THE TASK:
Since the pictures are not wanted, reproduce only the rest of the records, exactly as given.

MATERIALS PROVIDED:
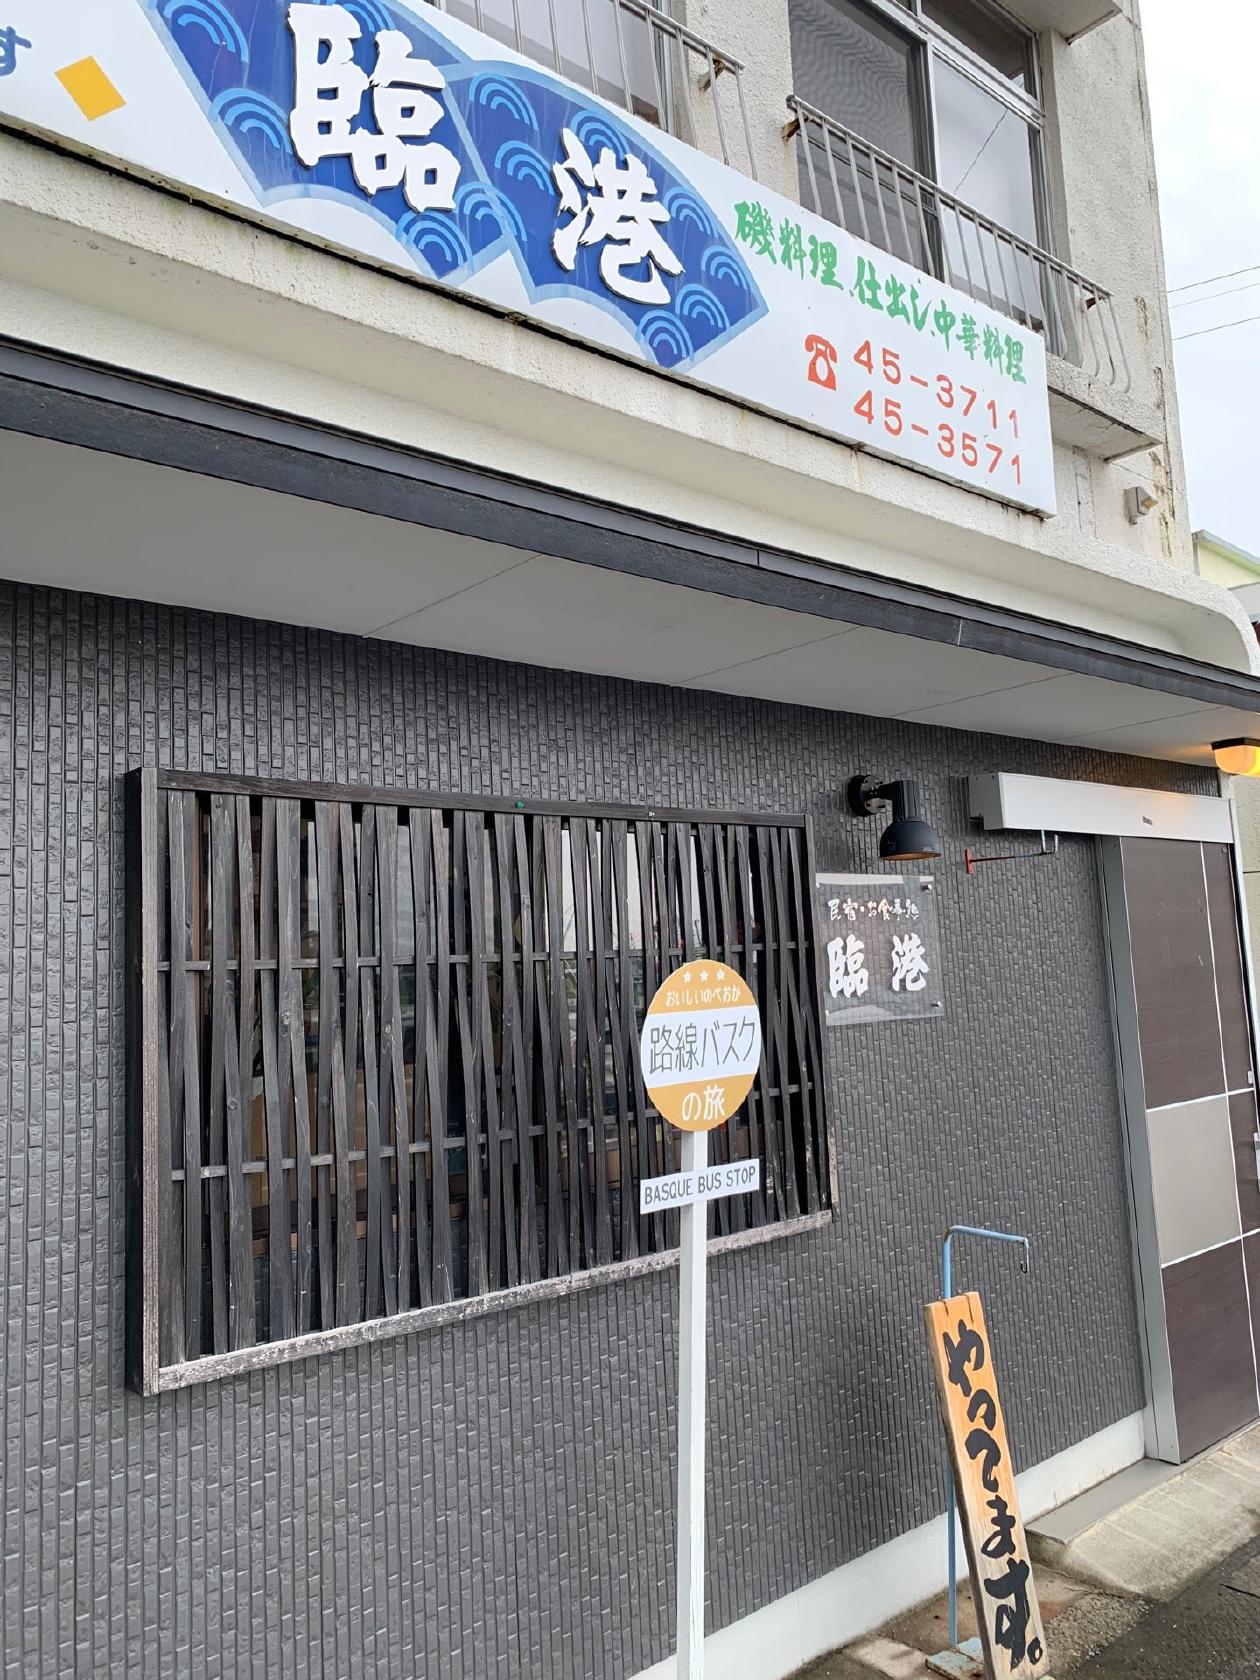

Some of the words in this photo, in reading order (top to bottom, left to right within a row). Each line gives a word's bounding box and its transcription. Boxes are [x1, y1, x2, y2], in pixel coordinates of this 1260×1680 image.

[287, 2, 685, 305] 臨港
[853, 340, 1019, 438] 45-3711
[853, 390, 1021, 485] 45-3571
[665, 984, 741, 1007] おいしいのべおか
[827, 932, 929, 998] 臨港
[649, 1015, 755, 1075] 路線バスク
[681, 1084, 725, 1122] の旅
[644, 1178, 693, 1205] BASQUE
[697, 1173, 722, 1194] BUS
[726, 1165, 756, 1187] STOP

EXPECTED OUTPUT:
Some of the words in this photo, in reading order (top to bottom, left to right within a row). Each line gives a word's bounding box and its transcription. Boxes are [x1, y1, x2, y2], in pixel coordinates of this 1260×1680 image.

[287, 2, 685, 305] 臨港
[853, 340, 1019, 438] 45-3711
[853, 390, 1021, 485] 45-3571
[665, 984, 741, 1007] おいしいのべおか
[827, 932, 929, 998] 臨港
[649, 1015, 755, 1075] 路線バスク
[681, 1084, 725, 1122] の旅
[644, 1178, 693, 1205] BASQUE
[697, 1173, 722, 1194] BUS
[726, 1165, 756, 1187] STOP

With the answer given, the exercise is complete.